> **Problem to work on**:
From the first line to the last, print the records exactly, leaving out the pictures.
BEGIN
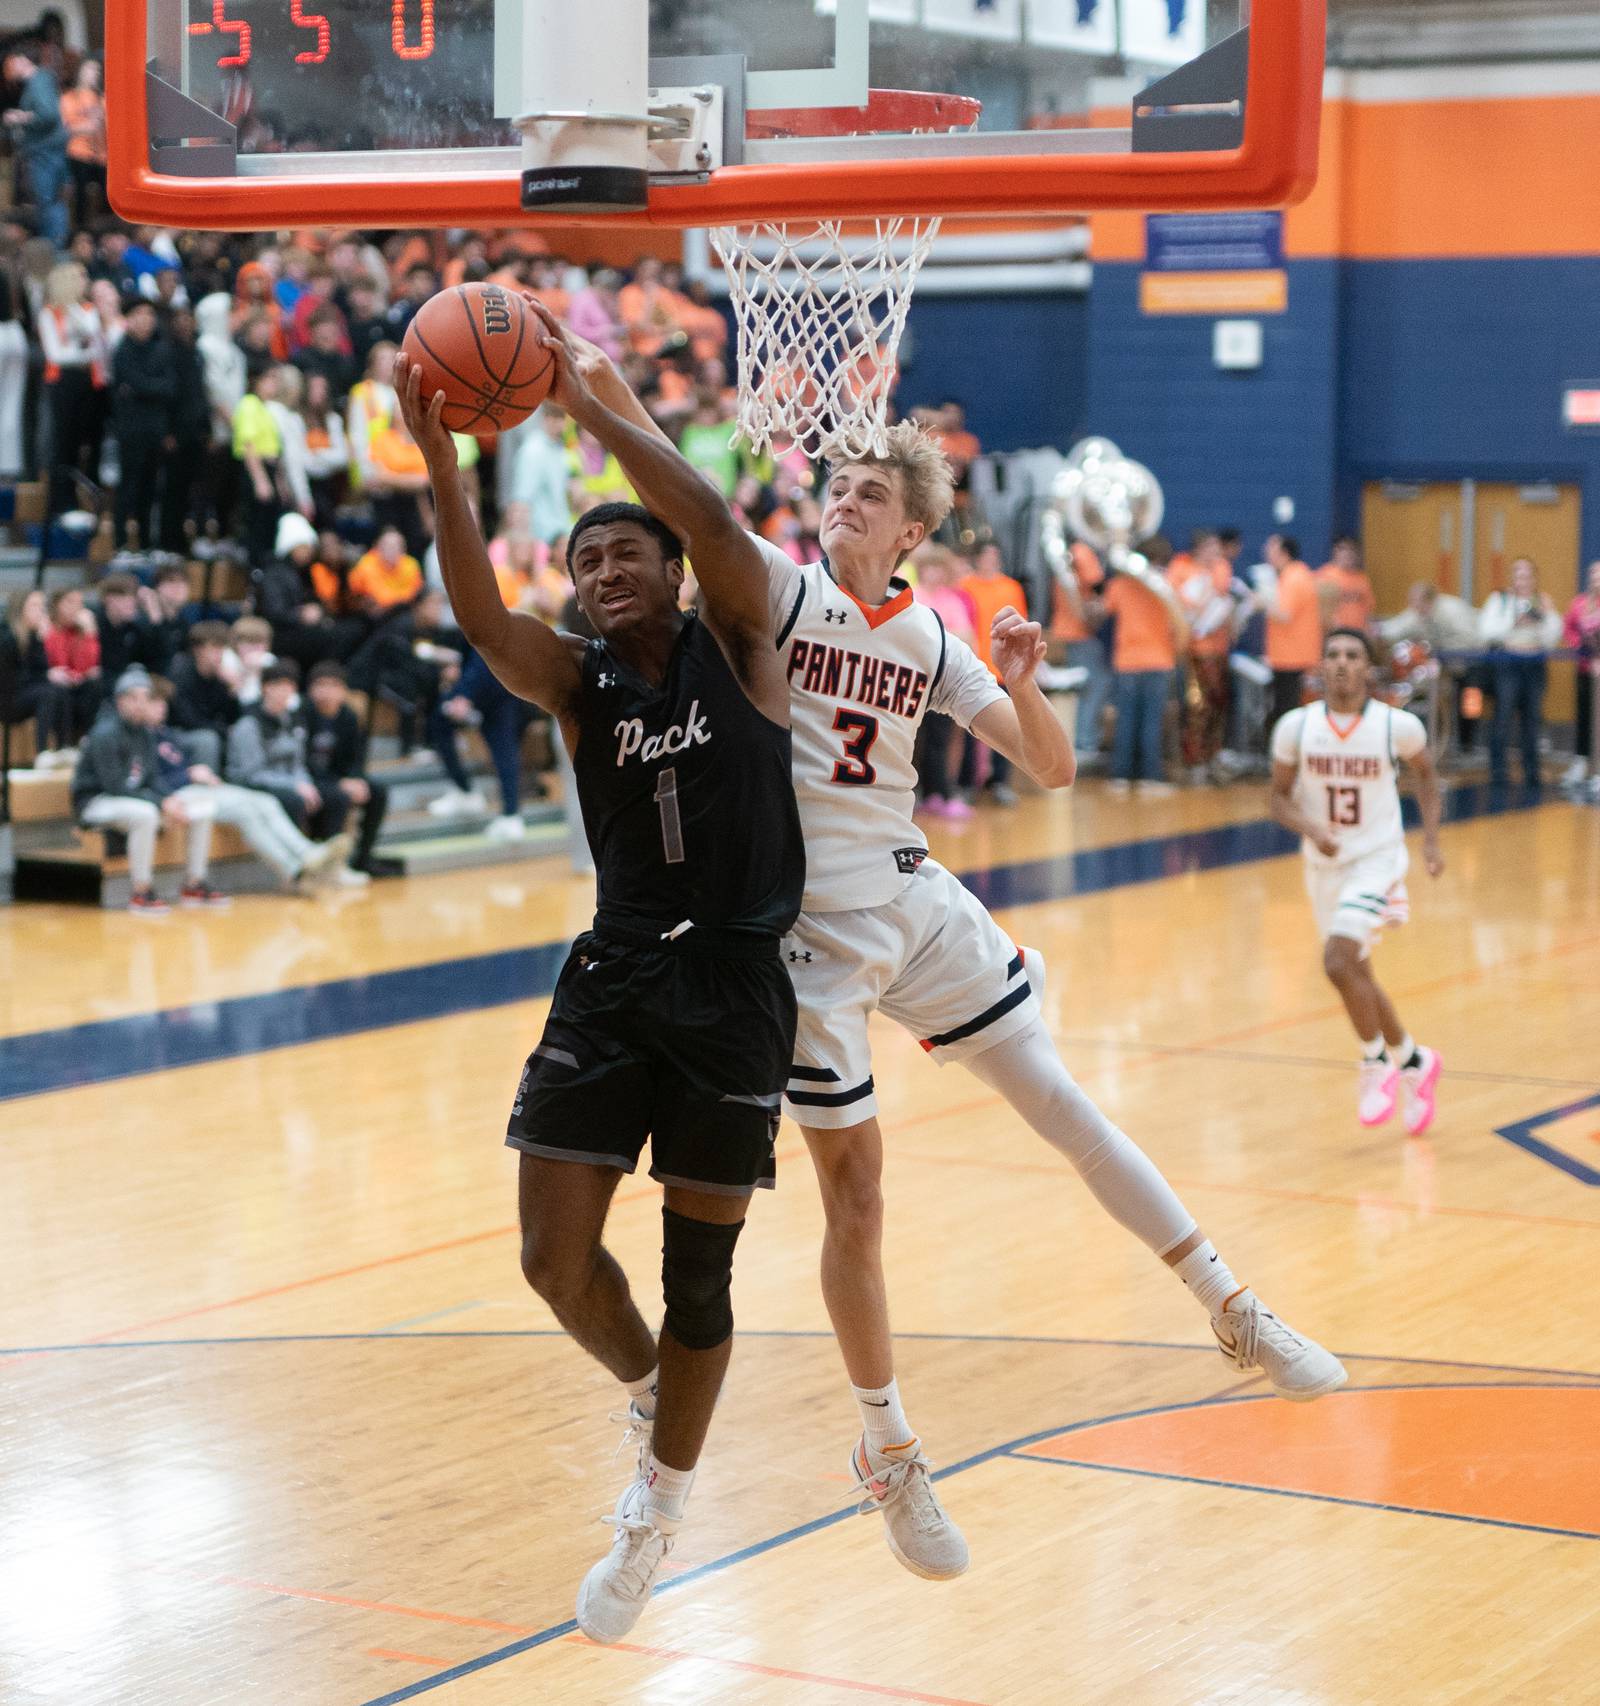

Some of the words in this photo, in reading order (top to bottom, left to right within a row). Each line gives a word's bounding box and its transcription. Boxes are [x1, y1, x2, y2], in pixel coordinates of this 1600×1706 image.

[786, 638, 929, 720] PANTHERS
[614, 699, 712, 767] Pack
[830, 706, 880, 785] 3
[1306, 753, 1380, 778] PANTHERS
[653, 766, 685, 864] 1
[1325, 784, 1361, 827] 13
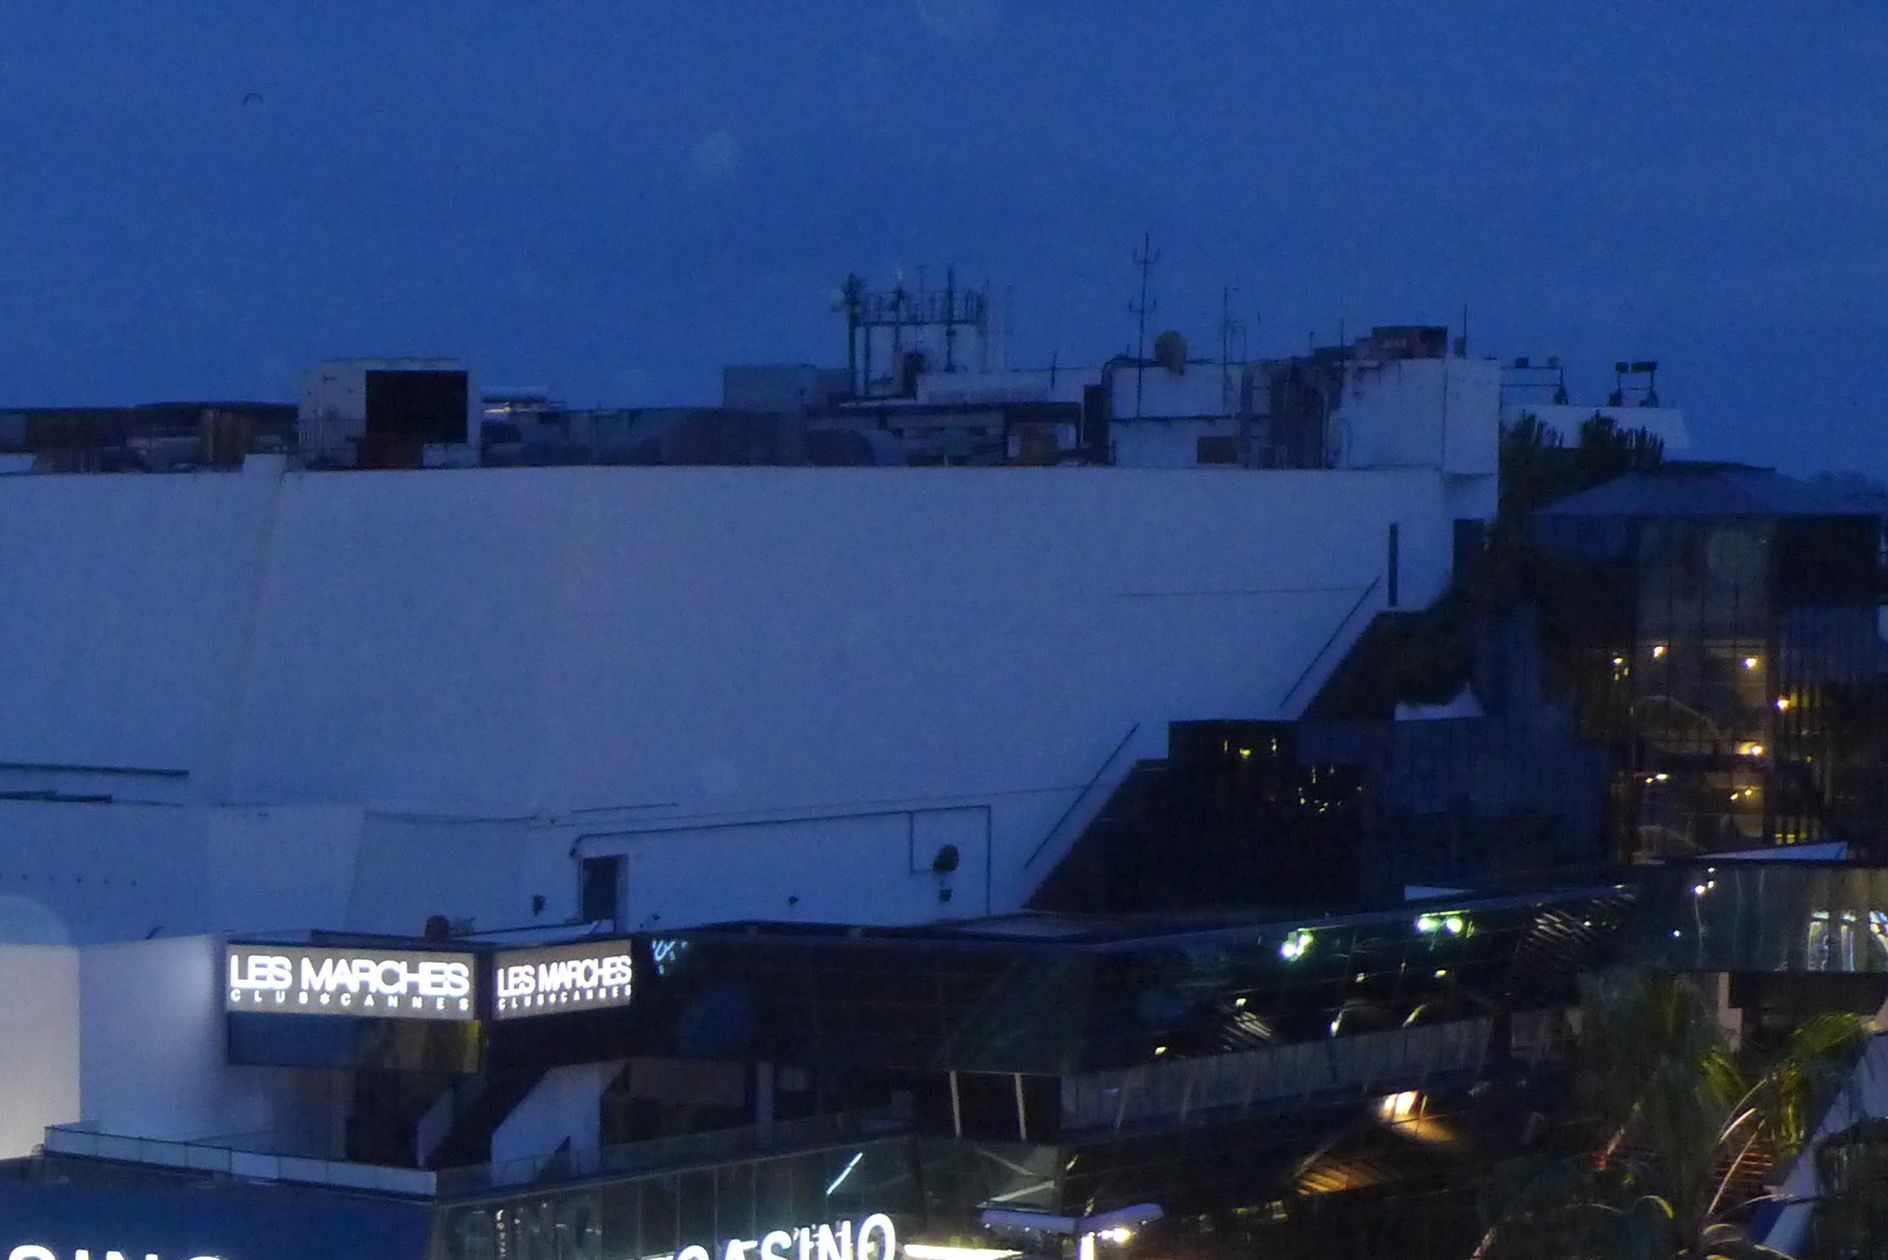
END
> **Your solution**:
Some of the words in this photo, in reading order (top to bottom, left to right within a row). Each line gives a word's bounding box and its transcription. Boxes are [x1, y1, x2, y2], in pixel coordinates of this 1600×1706 image.

[786, 638, 929, 720] PANTHERS
[614, 699, 712, 767] Pack
[830, 706, 880, 785] 3
[1306, 753, 1380, 778] PANTHERS
[653, 766, 685, 864] 1
[1325, 784, 1361, 827] 13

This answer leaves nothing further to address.